Y diciendo esto, sacó maese Jaime una pistola y asestó un tremendo culatazo en la cabeza de Picaut, a quien se le dobló una rodilla. Fue tan fuerte el golpe, que, a no llevar el aldeano un sombrero grueso de fieltro, le hubiera partido el cráneo.
—Anda ahora —añadió maese Jaime, observando con la mayor tranquilidad que se le había derramado el cebo.
Levantóse José sin replicar, y después de seguirle Aubin con los ojos hasta que hubo desaparecido, preguntó al capitán:
—¿Tenéis a ese en la compañía?
—¡No me hables!
—¿Hace mucho tiempo?
—Algunas horas.
—Mala adquisición.
—No diré yo lo mismo; es tan valiente como su difunto padre a quien conocí mucho; sólo necesita acostumbrarse a la subordinación y a la madriguera; es cuestión de tiempo.

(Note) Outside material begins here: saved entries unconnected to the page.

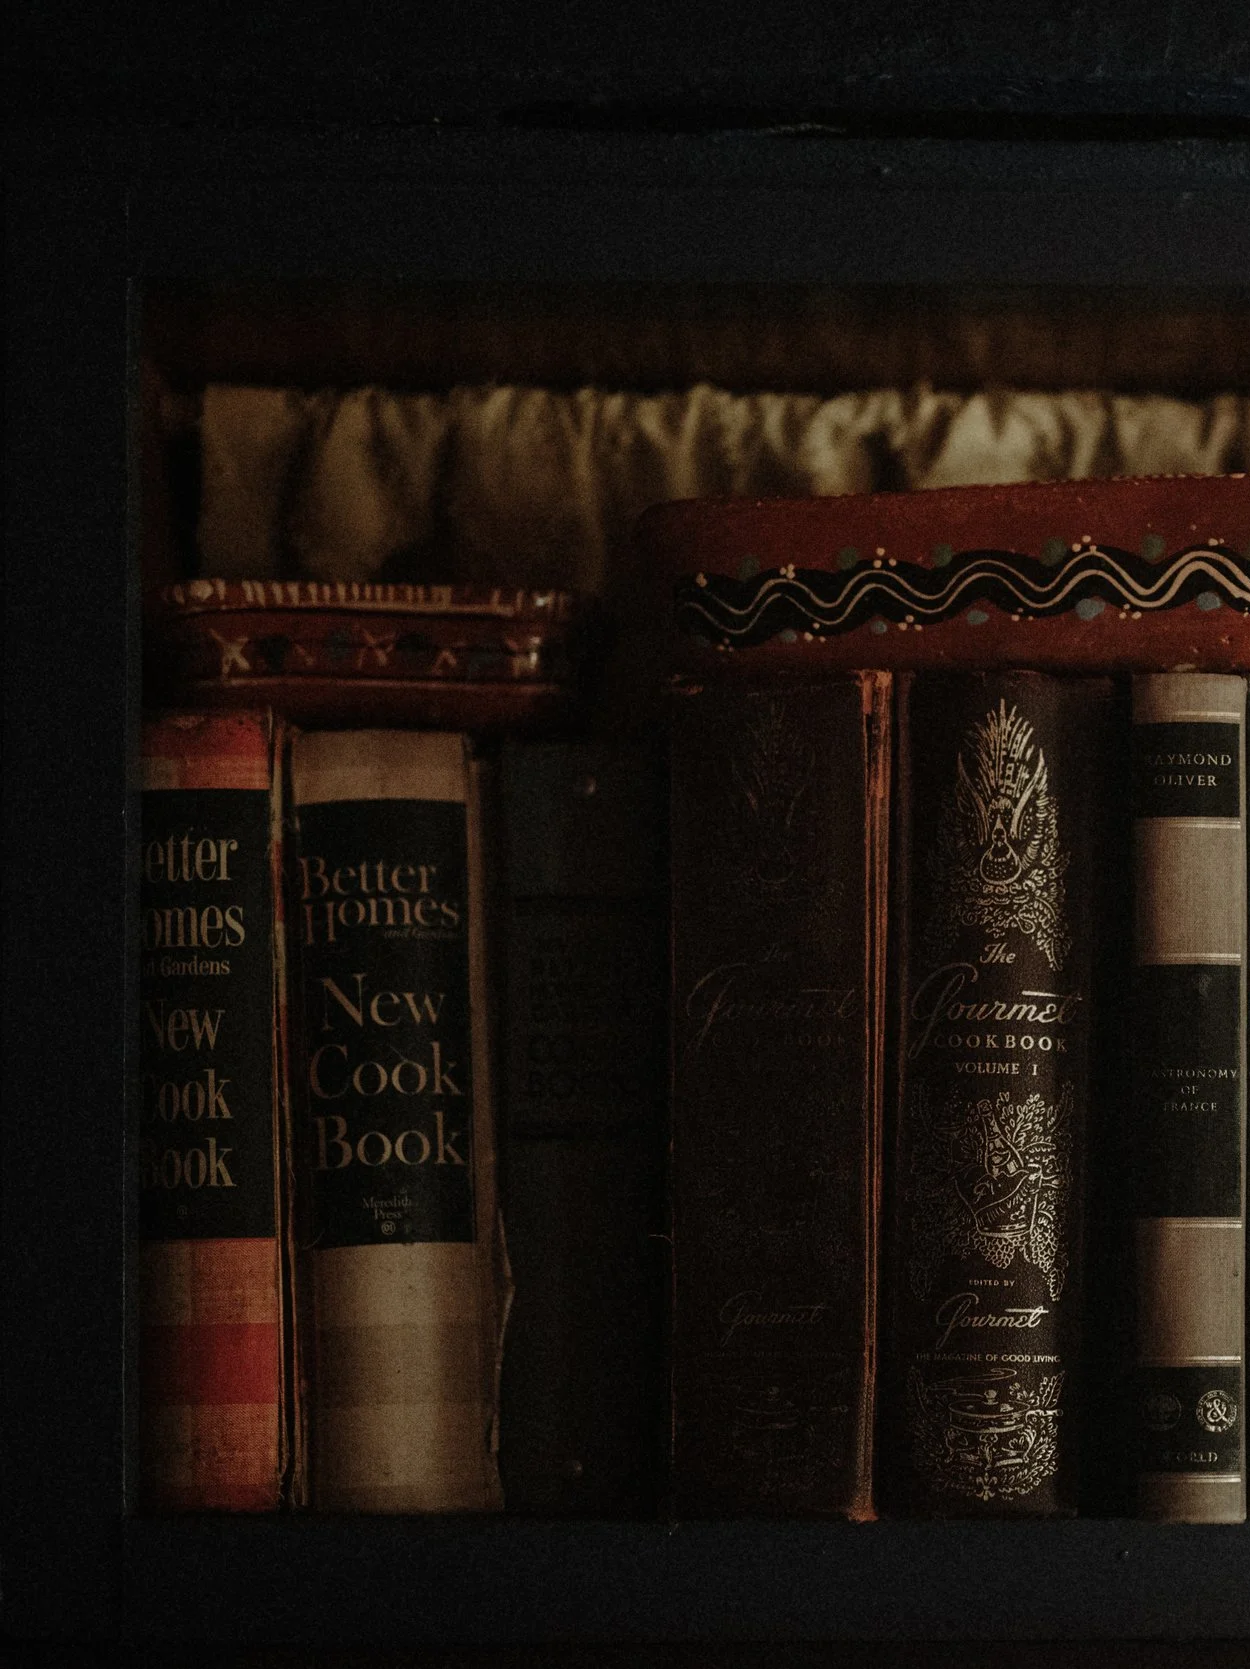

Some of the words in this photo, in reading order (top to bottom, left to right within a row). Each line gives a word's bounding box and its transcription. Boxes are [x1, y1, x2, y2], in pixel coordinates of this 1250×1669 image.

[1154, 773, 1218, 787] OLIVER
[145, 833, 240, 883] etter
[297, 855, 437, 900] Better
[143, 904, 247, 949] omes
[303, 896, 461, 946] Homes
[159, 954, 231, 978] Gardens
[979, 942, 1016, 964] The
[321, 972, 447, 1033] New
[908, 962, 1083, 1060] Gourmet
[934, 1034, 1068, 1051] COOKBOOK
[309, 1040, 463, 1100] Cook
[955, 1062, 1020, 1075] VOLUME
[1031, 1063, 1038, 1076] I
[1146, 1068, 1238, 1080] ASTRONOMY
[144, 1067, 234, 1123] ook
[313, 1110, 467, 1172] Book
[968, 1279, 1000, 1287] EDITED
[1003, 1279, 1016, 1287] BY
[935, 1291, 1049, 1350] Gourmet
[985, 1353, 998, 1362] OF
[1001, 1354, 1031, 1363] GOOD

—No diré que no; os pintáis sólo para educar a esa familia.
—Soy zorro viejo —y, avanzando un paso, añadió—: Me ha llegado la hora de la ronda y tengo que dejarte. Ya sabes que Juan Oullier puede venir cuando le plazca, y tocante al jefe de división, esta noche tendrá mi respuesta. ¿Te ha encargado Oullier algo más?, piénsalo bien.
—Nada más, amigo.
—Está bien; que venga, pues, a la cueva; mis lapins son como los ratones, que tienen varios agujeros. Conque hasta luego. Entretanto, come algo. ¡Hola!, mucho me engaño o ya preparan la cena.
Bajó maese Jaime a la cueva, y habiendo subido luego con su carabina, cuyo cebo examinó cuidadosamente, desapareció entre los árboles.
Entretanto, habíase animado el claro, y ofrecía en aquel momento un aspecto de los más pintorescos. Habían encendido en el silo una grandísima hoguera, cuyo reflejo ascendía por la trampa e iluminaba los matorrales con extraños y fantásticos reflejos. Cocíase en aquel fuego la cena de los desertores esparcidos por el campo; unos estaban rezando el rosario, otros entonaban cantos nacionales, cuyas tristes y lánguidas melodías concordaban perfectamente con el carácter del paisaje. Dos bretones, echados de bruces junto a la boca del silo e iluminados por el fulgor que de él salía, jugaban a la taba algunas monedas, mientras un mozo, cuyo amarillento rostro desencajado por la fiebre que denotaba ser habitante de Marais, se afanaba en quitar el moho de una vieja carabina.
Habituado Aubin a esta clase de escenas, no se preocupaba de ellas, y sentado en su lecho de hojarasca que Trigaud le había arreglado, fumaba tranquilo como en su taberna de Montaigu, cuando de repente oyó el lejano canto del búho, modulado de un modo siniestro y prolongado que indicaba un peligro. Aubin silbó ligeramente para que los desertores guardaran silencio, y casi en seguida se oyó un tiro a unos mil pasos.
En un abrir y cerrar de ojos, apagaron el fuego con el agua que para semejantes casos tenían preparada, cerróse la trampa y los lapins de maese Jaime, incluso Aubin, a quien su camarada se cargó a cuestas, se alejaron en todas direcciones, aguardando para obrar la señal de su capitán.